Task goal:
Output each record below exactly as it stands, leaving out the pictures.

Records shown:

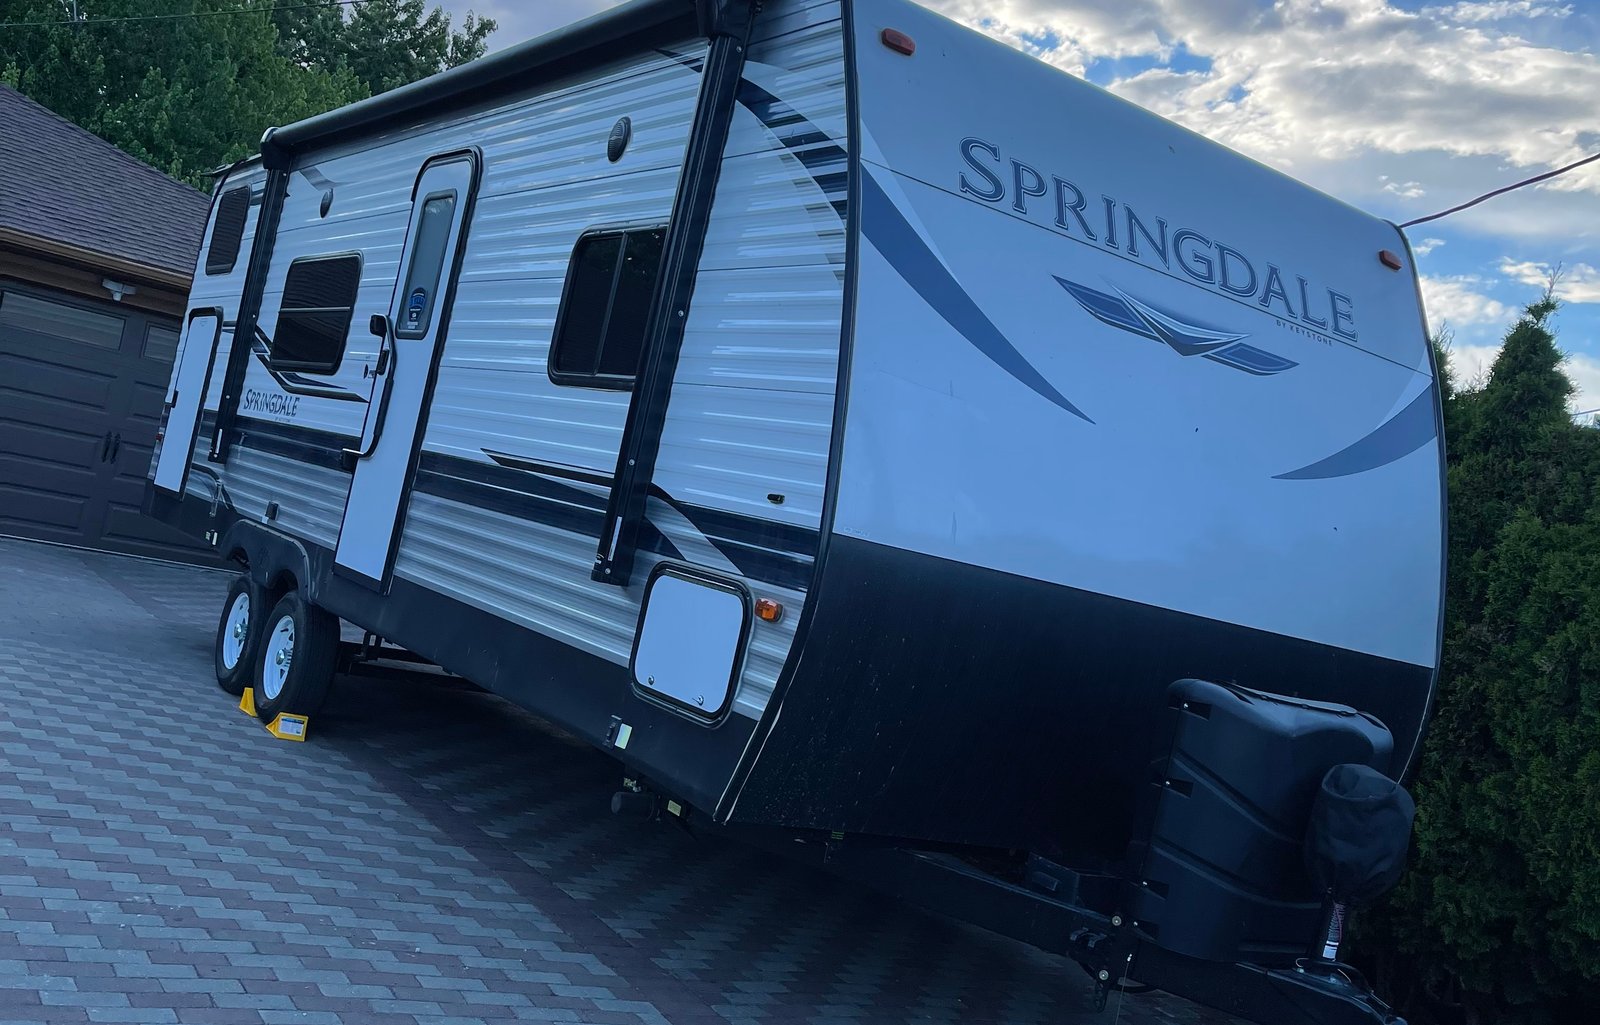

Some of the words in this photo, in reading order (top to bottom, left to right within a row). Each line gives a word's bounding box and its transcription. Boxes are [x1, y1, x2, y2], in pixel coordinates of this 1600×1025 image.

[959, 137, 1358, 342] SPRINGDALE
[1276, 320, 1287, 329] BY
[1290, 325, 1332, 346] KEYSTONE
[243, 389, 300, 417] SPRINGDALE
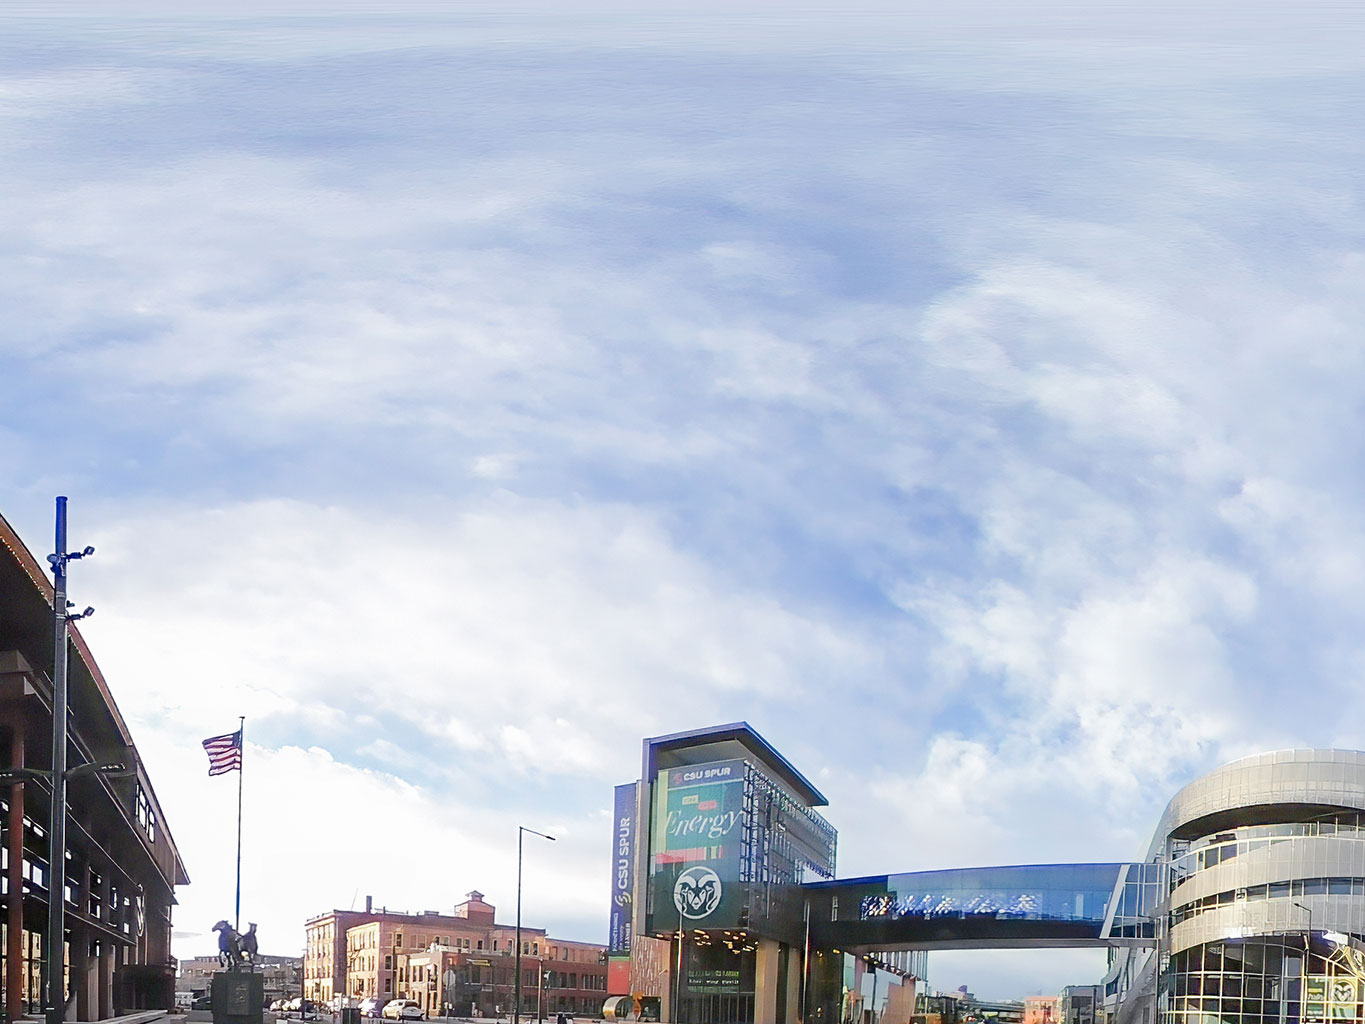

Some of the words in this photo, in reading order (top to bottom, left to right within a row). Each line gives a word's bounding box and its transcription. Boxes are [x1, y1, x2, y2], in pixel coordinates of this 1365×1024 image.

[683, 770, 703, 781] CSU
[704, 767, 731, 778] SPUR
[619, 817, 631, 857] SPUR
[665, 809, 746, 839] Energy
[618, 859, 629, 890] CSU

Task output:
Some of the words in this photo, in reading order (top to bottom, left to right within a row). Each line gives a word's bounding box and its transcription. Boxes are [x1, y1, x2, y2], in pixel coordinates of this 1600×1025 image.

[959, 137, 1358, 342] SPRINGDALE
[1276, 320, 1287, 329] BY
[1290, 325, 1332, 346] KEYSTONE
[243, 389, 300, 417] SPRINGDALE

Some of the words in this photo, in reading order (top to bottom, left to right within a row). Each line gives a word's bounding box and its transcription. Boxes are [x1, y1, x2, y2], in pixel coordinates of this 1365×1024 image.

[683, 770, 703, 781] CSU
[704, 767, 731, 778] SPUR
[619, 817, 631, 857] SPUR
[665, 809, 746, 839] Energy
[618, 859, 629, 890] CSU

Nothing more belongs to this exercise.